With Marlene Mattos's general directorate, five blocks and an hour long, the new program of the host brought jokes and scoundrels, gathering parents and children, presenting musical numbers and showing a table of interviews.

==Concept==
Aimed at the whole family, initially the program would be monthly due to the accumulation of professional commitments in the agenda of Xuxa Meneghel. The attraction bearing the host's name was displayed on Sundays before Domingão do Faustão. Among the prominent figures were X of the Problem, which addressed topics related to adolescents and involved expert advice, and Pyramid, in which famous adults paired with children in the auditorium to guess words. With each hit, the pair advanced a little to the top and thus win the prize - a sum of money.

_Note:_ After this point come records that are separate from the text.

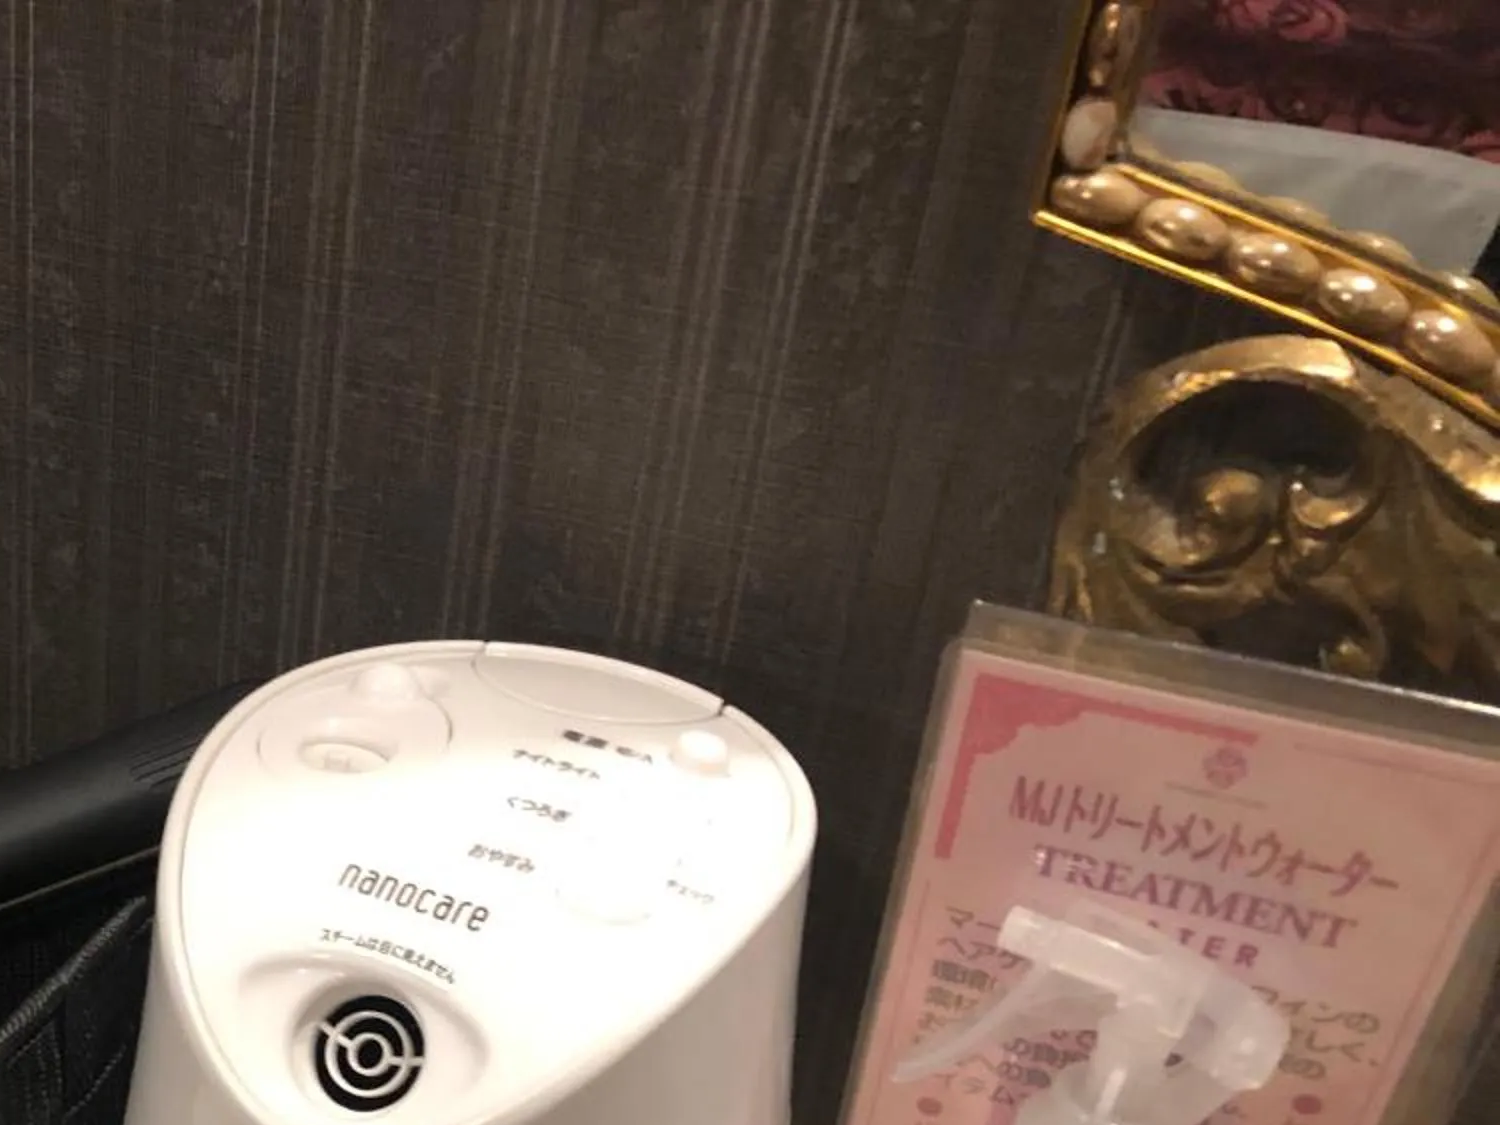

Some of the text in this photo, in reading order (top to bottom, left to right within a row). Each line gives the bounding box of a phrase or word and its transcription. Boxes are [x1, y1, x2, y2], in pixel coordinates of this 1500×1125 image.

[467, 843, 535, 873] おやすみ
[338, 863, 490, 932] nanocare
[1033, 843, 1359, 949] TREATMENT
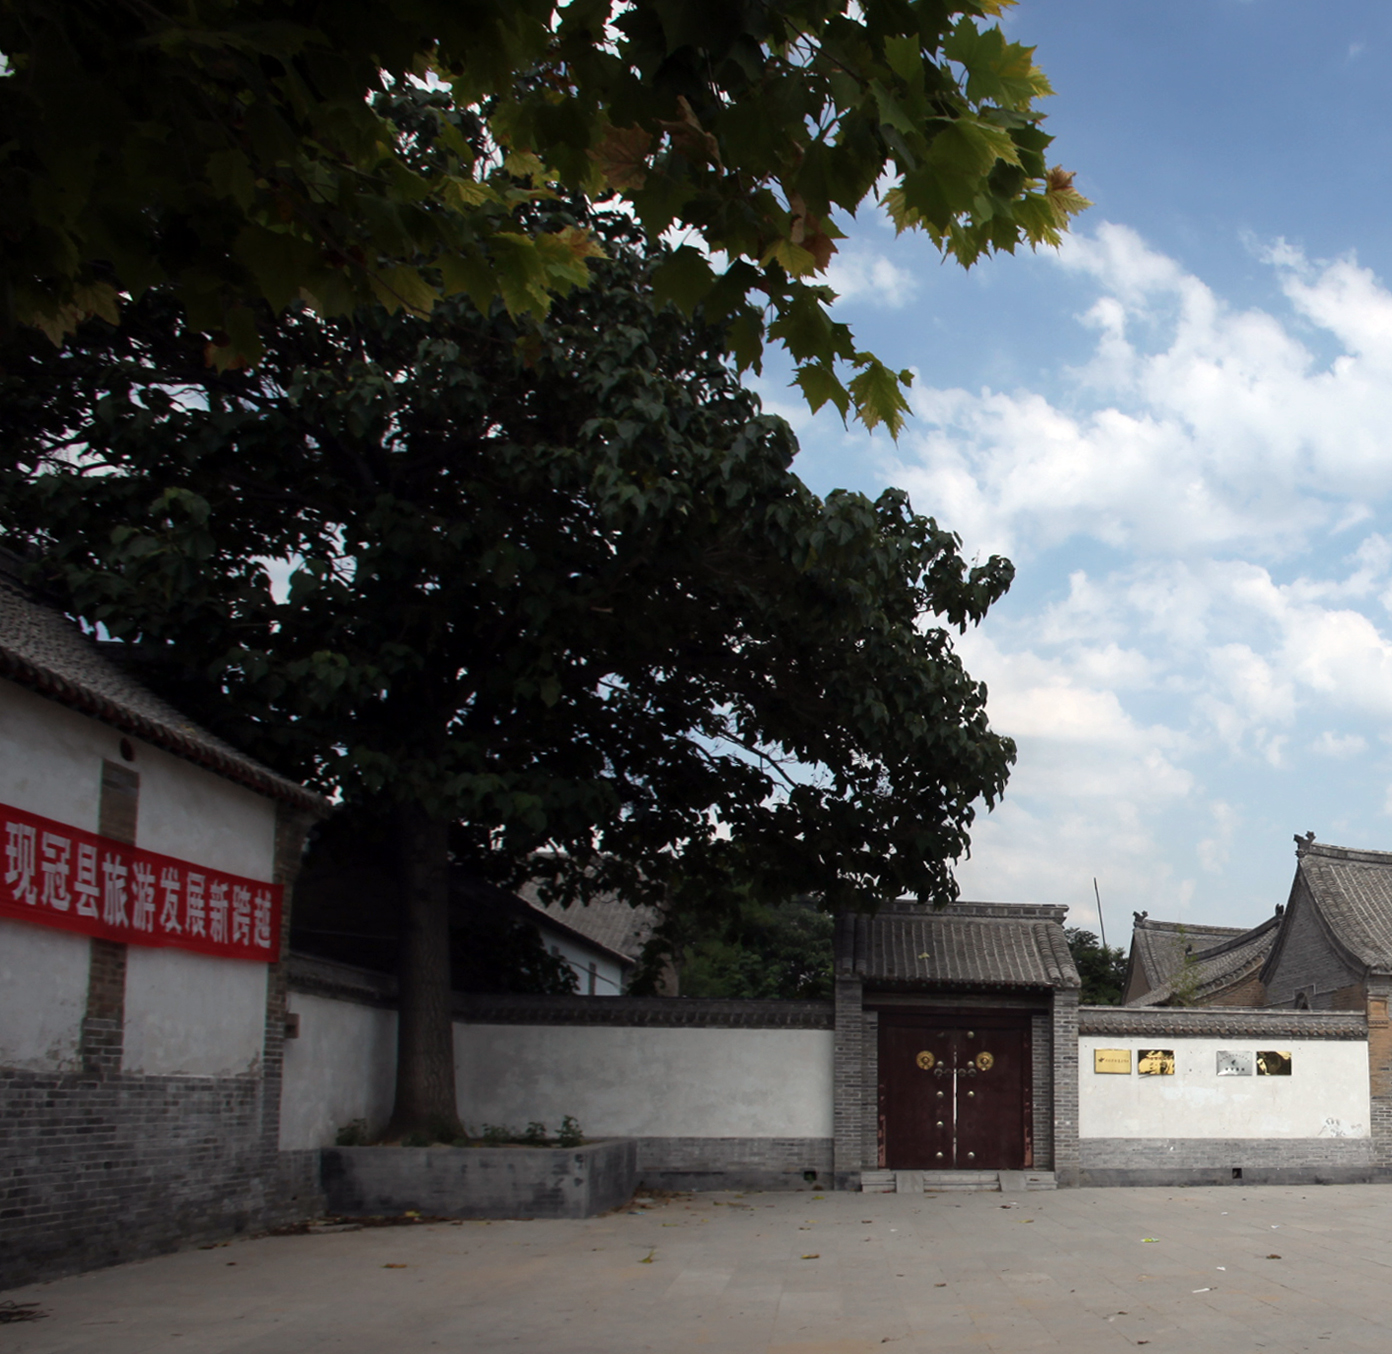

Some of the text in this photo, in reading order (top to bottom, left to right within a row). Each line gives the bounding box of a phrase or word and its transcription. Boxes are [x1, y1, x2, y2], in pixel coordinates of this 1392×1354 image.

[4, 821, 272, 948] 现冠县旅游发展新跨越

Every week the program gained new cadres. The Mela-Mela, in which the child received a surprise bath and had to guess what had fallen on his head (water, paint, honey or flower petals), was considered one of the most fun of the program. Another table in which the participant was smeared from head to foot, Stepping on the Tomato, also amused the audience: the child had to guess, blindfolded, on what was walking. All the jokes gave cash prizes. Xuxa made room for anonymous people through the Minute of Fame, in which anyone could be interviewed by the host. The program launched the "An Idea to Heal the World" promotion: children ages 5 to 10 could participate by sending phrases and drawings to production. The winner received as a prize a week in Los Angeles with escort, and a visit to the ranch of singer Michael Jackson.

==Scenery==
The scenery of Xuxa resembled a street, with an iron bridge in the background and the stylized silhouette of a city. People could walk on the bridge, pacing the stage. Some of the scenographic constructions served for Xuxa to play. On the stage there was also a stage, with a transparent panoramic elevator in the center, used by the queen of the little ones to make their entry into the program.

==Cancellation==
Xuxa was displeased presenting the program, believing that format was not ideal for her. There were also tensions between Xuxa and the writer of program, Rosana Hermann. In September 1993, Xuxa was forced to reduce the amount of commitments due to a problem in the column, thus causing the program to be canceled.